BEGIN DATA EXTRACTS

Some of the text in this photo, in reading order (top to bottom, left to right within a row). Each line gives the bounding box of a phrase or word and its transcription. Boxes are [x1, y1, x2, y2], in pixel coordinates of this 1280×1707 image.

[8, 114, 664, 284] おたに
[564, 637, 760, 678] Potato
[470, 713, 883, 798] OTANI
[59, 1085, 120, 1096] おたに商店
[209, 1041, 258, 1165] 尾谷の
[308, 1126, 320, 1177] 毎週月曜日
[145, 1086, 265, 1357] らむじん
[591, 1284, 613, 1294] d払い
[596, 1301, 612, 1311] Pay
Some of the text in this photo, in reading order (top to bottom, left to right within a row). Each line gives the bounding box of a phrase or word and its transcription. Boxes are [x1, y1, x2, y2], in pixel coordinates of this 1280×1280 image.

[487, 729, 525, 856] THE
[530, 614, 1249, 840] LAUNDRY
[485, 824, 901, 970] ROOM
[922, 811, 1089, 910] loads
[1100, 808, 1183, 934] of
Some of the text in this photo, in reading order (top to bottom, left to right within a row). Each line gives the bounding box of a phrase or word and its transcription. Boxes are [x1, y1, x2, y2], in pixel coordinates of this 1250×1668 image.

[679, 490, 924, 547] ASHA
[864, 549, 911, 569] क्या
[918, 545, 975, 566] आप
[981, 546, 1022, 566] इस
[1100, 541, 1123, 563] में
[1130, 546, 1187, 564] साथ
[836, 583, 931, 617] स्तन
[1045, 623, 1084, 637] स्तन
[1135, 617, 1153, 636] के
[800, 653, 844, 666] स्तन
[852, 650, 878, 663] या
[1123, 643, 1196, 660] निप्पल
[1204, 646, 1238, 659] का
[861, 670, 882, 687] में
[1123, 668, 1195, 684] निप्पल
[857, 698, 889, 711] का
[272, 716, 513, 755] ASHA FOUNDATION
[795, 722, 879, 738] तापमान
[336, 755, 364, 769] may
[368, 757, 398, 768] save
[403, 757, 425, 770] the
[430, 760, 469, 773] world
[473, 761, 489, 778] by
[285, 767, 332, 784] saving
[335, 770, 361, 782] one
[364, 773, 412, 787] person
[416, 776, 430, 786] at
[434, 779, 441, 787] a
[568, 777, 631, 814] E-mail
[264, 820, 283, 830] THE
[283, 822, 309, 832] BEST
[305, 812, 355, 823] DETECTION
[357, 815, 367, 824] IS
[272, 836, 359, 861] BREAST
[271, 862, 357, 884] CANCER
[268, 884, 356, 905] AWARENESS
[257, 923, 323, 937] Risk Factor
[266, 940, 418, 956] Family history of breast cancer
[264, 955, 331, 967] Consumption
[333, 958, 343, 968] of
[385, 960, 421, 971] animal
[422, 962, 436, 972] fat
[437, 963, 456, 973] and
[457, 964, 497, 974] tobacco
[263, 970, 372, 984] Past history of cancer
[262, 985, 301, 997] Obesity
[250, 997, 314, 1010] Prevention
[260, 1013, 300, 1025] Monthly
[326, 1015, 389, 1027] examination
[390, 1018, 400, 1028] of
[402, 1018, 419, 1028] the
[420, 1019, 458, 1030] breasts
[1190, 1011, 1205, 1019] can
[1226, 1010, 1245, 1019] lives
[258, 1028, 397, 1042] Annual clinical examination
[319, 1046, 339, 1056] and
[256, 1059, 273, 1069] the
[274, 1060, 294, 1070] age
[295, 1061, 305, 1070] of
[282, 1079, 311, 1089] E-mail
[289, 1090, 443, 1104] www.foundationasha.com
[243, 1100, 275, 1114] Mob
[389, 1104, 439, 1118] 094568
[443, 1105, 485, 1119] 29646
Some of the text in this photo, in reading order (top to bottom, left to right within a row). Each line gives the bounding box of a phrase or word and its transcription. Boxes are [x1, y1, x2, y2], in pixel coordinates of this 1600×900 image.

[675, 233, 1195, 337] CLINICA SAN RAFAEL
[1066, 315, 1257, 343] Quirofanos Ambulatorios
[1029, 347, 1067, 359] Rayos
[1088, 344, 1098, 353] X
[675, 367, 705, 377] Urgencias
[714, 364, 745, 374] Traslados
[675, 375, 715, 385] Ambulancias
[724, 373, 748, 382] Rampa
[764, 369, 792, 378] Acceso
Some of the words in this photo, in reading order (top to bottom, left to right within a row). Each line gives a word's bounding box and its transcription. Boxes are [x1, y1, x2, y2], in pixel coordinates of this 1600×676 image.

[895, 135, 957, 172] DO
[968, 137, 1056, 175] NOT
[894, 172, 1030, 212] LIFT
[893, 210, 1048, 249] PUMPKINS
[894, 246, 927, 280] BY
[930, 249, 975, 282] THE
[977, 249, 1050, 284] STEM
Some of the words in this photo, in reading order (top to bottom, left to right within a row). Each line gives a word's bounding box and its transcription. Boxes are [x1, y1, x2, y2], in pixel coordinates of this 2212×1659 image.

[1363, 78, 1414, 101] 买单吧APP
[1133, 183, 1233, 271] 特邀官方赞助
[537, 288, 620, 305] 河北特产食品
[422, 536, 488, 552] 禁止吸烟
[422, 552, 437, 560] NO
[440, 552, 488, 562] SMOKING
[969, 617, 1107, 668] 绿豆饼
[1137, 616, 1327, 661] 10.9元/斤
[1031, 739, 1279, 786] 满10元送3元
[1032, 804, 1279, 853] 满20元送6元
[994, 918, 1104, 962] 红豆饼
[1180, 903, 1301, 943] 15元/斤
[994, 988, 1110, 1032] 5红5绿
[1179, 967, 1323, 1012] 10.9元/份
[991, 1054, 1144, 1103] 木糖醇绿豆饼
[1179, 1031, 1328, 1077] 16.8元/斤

END DATA EXTRACTS

Every line from the one containing "this 2212×1659 image." through the last line of the entries should be output exactly; nothing else belongs in the reply.

## WRITTEN SOLUTION
Some of the words in this photo, in reading order (top to bottom, left to right within a row). Each line gives a word's bounding box and its transcription. Boxes are [x1, y1, x2, y2], in pixel coordinates of this 2212×1659 image.

[1363, 78, 1414, 101] 买单吧APP
[1133, 183, 1233, 271] 特邀官方赞助
[537, 288, 620, 305] 河北特产食品
[422, 536, 488, 552] 禁止吸烟
[422, 552, 437, 560] NO
[440, 552, 488, 562] SMOKING
[969, 617, 1107, 668] 绿豆饼
[1137, 616, 1327, 661] 10.9元/斤
[1031, 739, 1279, 786] 满10元送3元
[1032, 804, 1279, 853] 满20元送6元
[994, 918, 1104, 962] 红豆饼
[1180, 903, 1301, 943] 15元/斤
[994, 988, 1110, 1032] 5红5绿
[1179, 967, 1323, 1012] 10.9元/份
[991, 1054, 1144, 1103] 木糖醇绿豆饼
[1179, 1031, 1328, 1077] 16.8元/斤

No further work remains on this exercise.